Isabelle olhou para uma bancada onde tinha um telefone sem fio e lembrou que deviam ter ligado para casa, para avisar que tinham chegado.

_Ei, posso dar um telefonema?

_Claro, fique à vontade. -disse Taylor.

_Depois quero escutar a mensagem da sua secretária eletrônica. Muitas fãs ligam para cá?

_Algumas, mas deixamos sempre na secretária eletrônica. Só atendemos telefonemas de amigos.

_Mas têm recados de fãs na secretária?

_Um monte deles. -falou Zac. _Se quiser pode escutar depois.

_Que tal agora? -ela sabia que ia se divertir muito escutando aquilo.

E se divertiram mesmo. Ficaram até as onze da noite escutando as mensagens.  Meia hora depois, Diana entrou no quarto para avisar que ela e Walker estavam indo dormir.

_Não durmam muito tarde! -avisou.

Quando Diana fechou a porta do quarto, ligaram o video game. A noite ia ser longa. Quando começavam a jogar Tekken, não conseguiam parar tão cedo.  Isabelle e Sabrina estavam na cama de baixo vendo a "emocionante" disputa entre Taylor e Zac. Enquanto isso, Isaac e Barbara namoravam sentados na cama de cima do beliche.

_Estava morrendo de Saudades... -disse Isaac.

_Eu também. Estava com saudade do seu beijo molhado, do seu sorriso lindo...

_Pare ou eu vou ficar vermelho. -Isaac estava sem graça.

Barbara encostou a boca no ouvido dele e sussurrou:

_Quando é que vou sentir seu corpo sobre o meu novamente?

Isaac ficou ainda mais vermelho.

_Assim que pudermos. Quero sentir o seu também...

Barbara deitou na cama, colocando sua cabeça repousada nas coxas dele. Em poucos minutos, adormeceu. Isaac percebeu o quanto ela estava cansada. Acordou Barbara delicadamente e a levou para o quarto de hóspedes, para que se acomodasse melhor. Deu-lhe um último beijo de boa noite e voltou para o seu quarto.

_Vocês não cansam de jogar isso não?

_Vá dormir, Ike. Não pertube! -falou Zac sem tirar os olhos do jogo.

_É isso mesmo o que vou fazer, deitar e dormir.

Isabelle e Sabrina perceberam que estavam incomodando Isaac. Deram boa noite para todos e foram se juntar a Barbara no outro quarto. Taylor e Zac desligaram o video game e também foram deitar.

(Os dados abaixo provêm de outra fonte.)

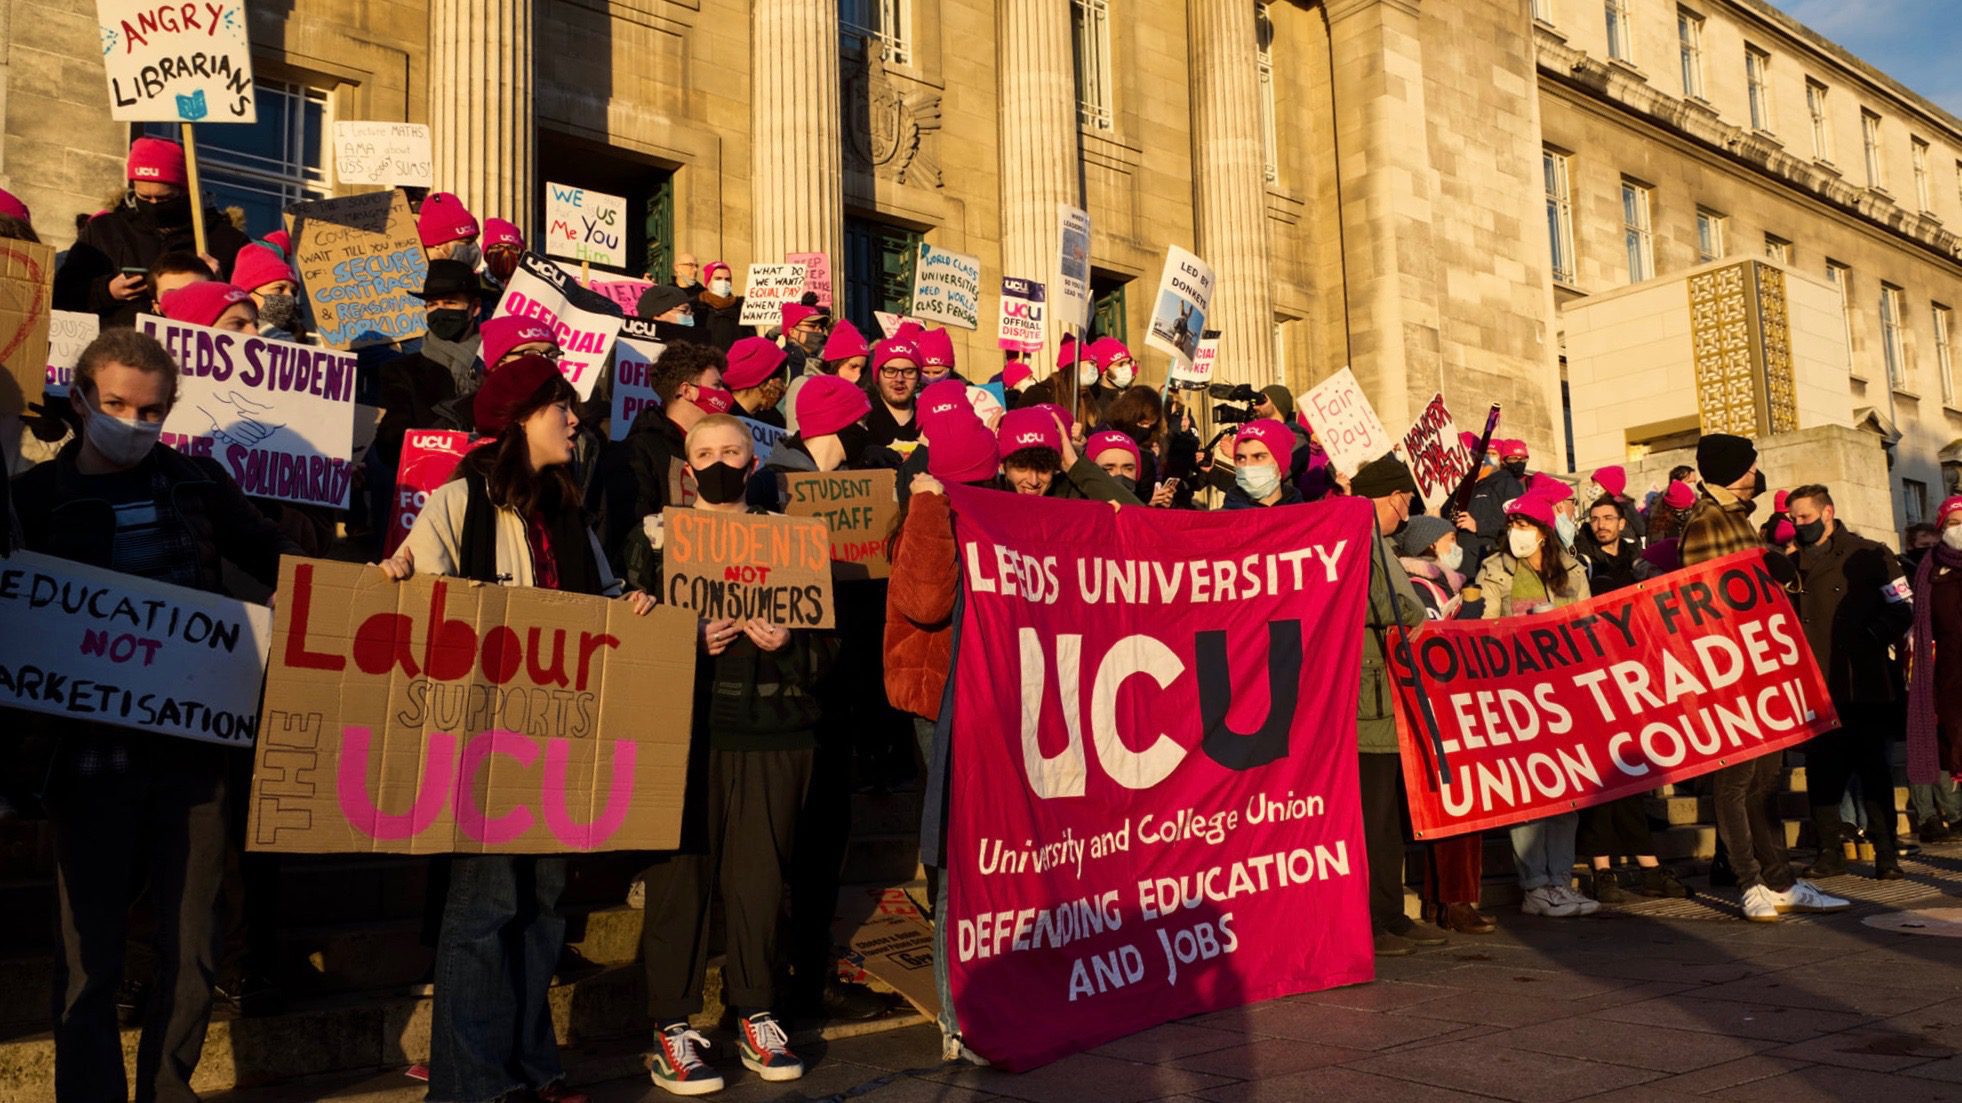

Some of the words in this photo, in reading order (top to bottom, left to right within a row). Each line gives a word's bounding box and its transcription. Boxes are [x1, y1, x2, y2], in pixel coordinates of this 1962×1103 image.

_Taylor? -Zac sussurrou para não pertubar Isaac.

_O que é?

_Eu tive um idéia. Que tal se amanhã de manhã levássemos as meninas na casa da Gracy?

_Por quê? Você já quer começar a implicar com ela?

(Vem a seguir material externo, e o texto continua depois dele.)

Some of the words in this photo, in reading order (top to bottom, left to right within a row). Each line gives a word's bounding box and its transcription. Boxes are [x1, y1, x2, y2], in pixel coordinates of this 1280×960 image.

_Ah, Tay, ela vai ficar irritada ao ver as nossas namoradas.

_Zac, eu não sei se isso é uma boa idéia. E se ela começar a inventar histórias como aquelas que costumava inventar? Sei lá, de repente ela inventa uma braba na frente das meninas... Não quero correr o risco.

_Se não quiser ir, não vá, mas eu vou levar Sabrina até lá. Principalmente porque a irmã dela me adora, eu estou a fim de esnobar.

_Você é muito criança, Zac. Que bobeira.

_Você é que não sabe se divertir! -Zac ficou chateado sem a aprovação do irmão. _Boa noite, Tay. Não quero mais papo com você. Estraga prazer.